*256 Bit SSL Sertifikası * Full Mobil Uyumlu * Full SEO Uyumlu
İsterseniz Mobil Uygulama Seçeneğiyle
Türk Edebiyatı, tarihi gelişimi içinde pek çok farklı yönü barındıran bir disiplindir. Türk edebiyatının tarihi, Türklerin yazılı kültüre geçme sürecine kadar uzanır. Bu geçişin en eski örnekleri, Orhun Yazıtları olarak bilinir.
İlk Türk edebi eserleri, genellikle sözlü gelenek içinde oluşmuştur. Sözlü gelenekte ortaya çıkan epik ve lirik şiirler, Türk kültürünün vazgeçilmez bir parçası haline gelmiştir. Bunlar arasında Attila’nın Destanı, Şu Kök Türk Kağanı Destanı, Oğuz Kağan Destanı, Geçtiğimiz Günlere Ait Hatıralar ve Destan Tevfik Fikret’in İstanbul’un Fethi ve Haluk’un Şikayeti gibi şiirler yer almaktadır.
Yazılı edebiyatın başlangıcı ise 13. yüzyılın sonlarına doğru karşımıza çıkar. Bu dönemde ülkemizde İslam'ın yayılması ile birlikte, Türkler arasında Arapça ve Farsça dilleri yaygınlaşmıştır ve Türkçenin Arapça ve Farsça öğelerle zenginleştirilmesi yavaş yavaş başlamıştır. Şâhaname-i Türkî de bu dönemde yazılmış bir eserdir.
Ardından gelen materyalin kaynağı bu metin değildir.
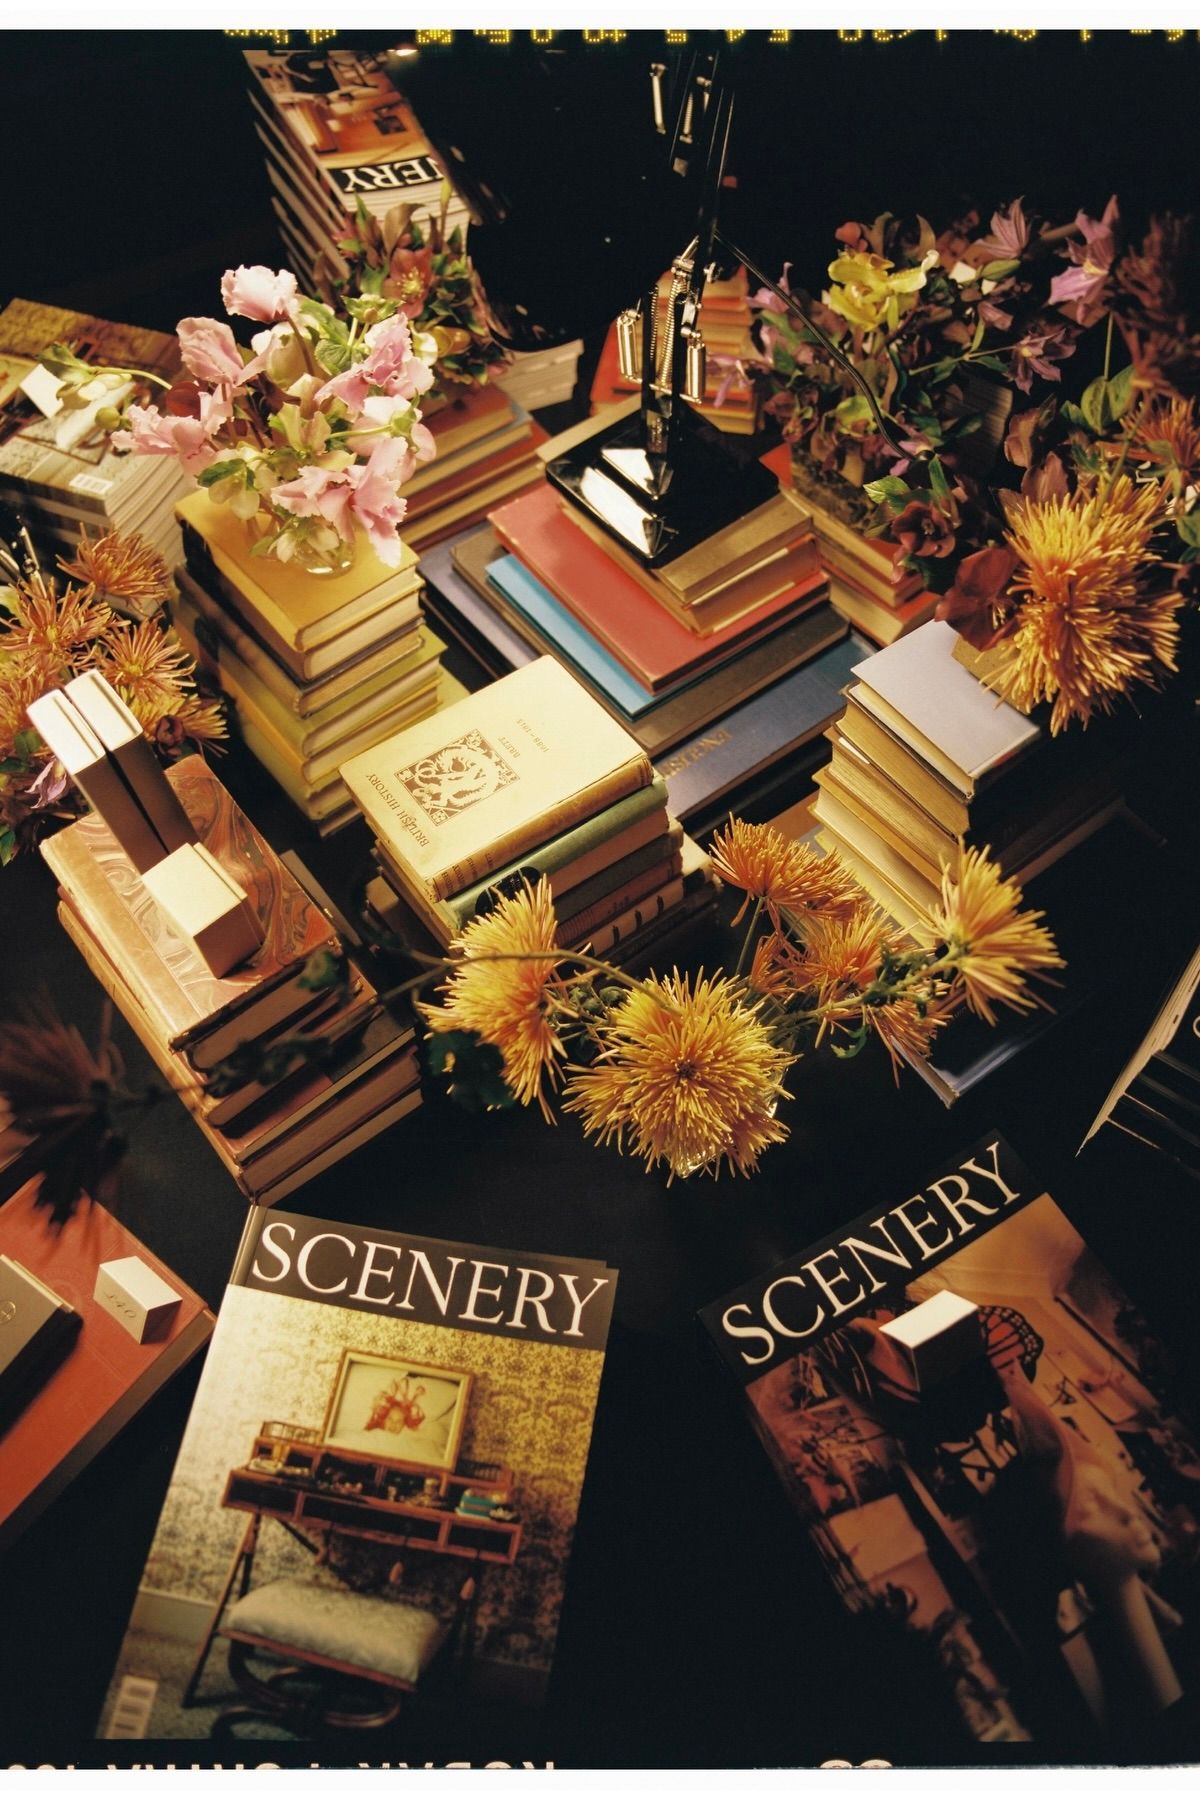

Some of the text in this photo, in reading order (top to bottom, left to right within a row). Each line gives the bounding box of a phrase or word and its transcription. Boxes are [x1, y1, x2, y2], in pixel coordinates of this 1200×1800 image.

15. yüzyılın başlarında Türk edebiyatı, Osmanlı Devleti'nin kuruluşu ile birlikte yeni bir olgunluk düzeyine ulaşır. Osmanlı Devleti'nin hükümdarları, sanatçıları kendilerine bağlı tutup sanatın gelişmesine destek oldular. Şeyhî, Ali Şîr Nevâî, Ahmedi, Fuzuli, Baki, Nefi, Nedim, Şemseddin Sami, Tevfik Fikret, Halit Ziya Uşaklıgil, Yahya Kemal Beyatlı ve Mehmet Akif Ersoy gibi önemli isimler, Osmanlı edebiyat tarihinde yerlerini alır.
19. yüzyılın ikinci yarısından itibaren Türk edebiyatı, daha sert bir üslup benimsemiştir. Tanzimat dönemi ile birlikte Türk edebiyatı, Batı edebiyatı ile tanışmış ve bu etkileşim sonrasında modernleşme hareketine girmiştir. Bu dönemde, genel olarak Batı tarzına yakın bir anlayış benimsendiği gibi, edebi üslupta da Batı'ya özgü bazı ögeler kullanıldı. Bu dönemdeki yazarlar arasında Namık Kemal, Şinasi, Ahmet Mithat, Recaizade Mahmut Ekrem, Abdülhak Hamit Tarhan, Halit Ziya Uşaklıgil ve Hüseyin Rahmi Gürpınar gibi isimler yer alır.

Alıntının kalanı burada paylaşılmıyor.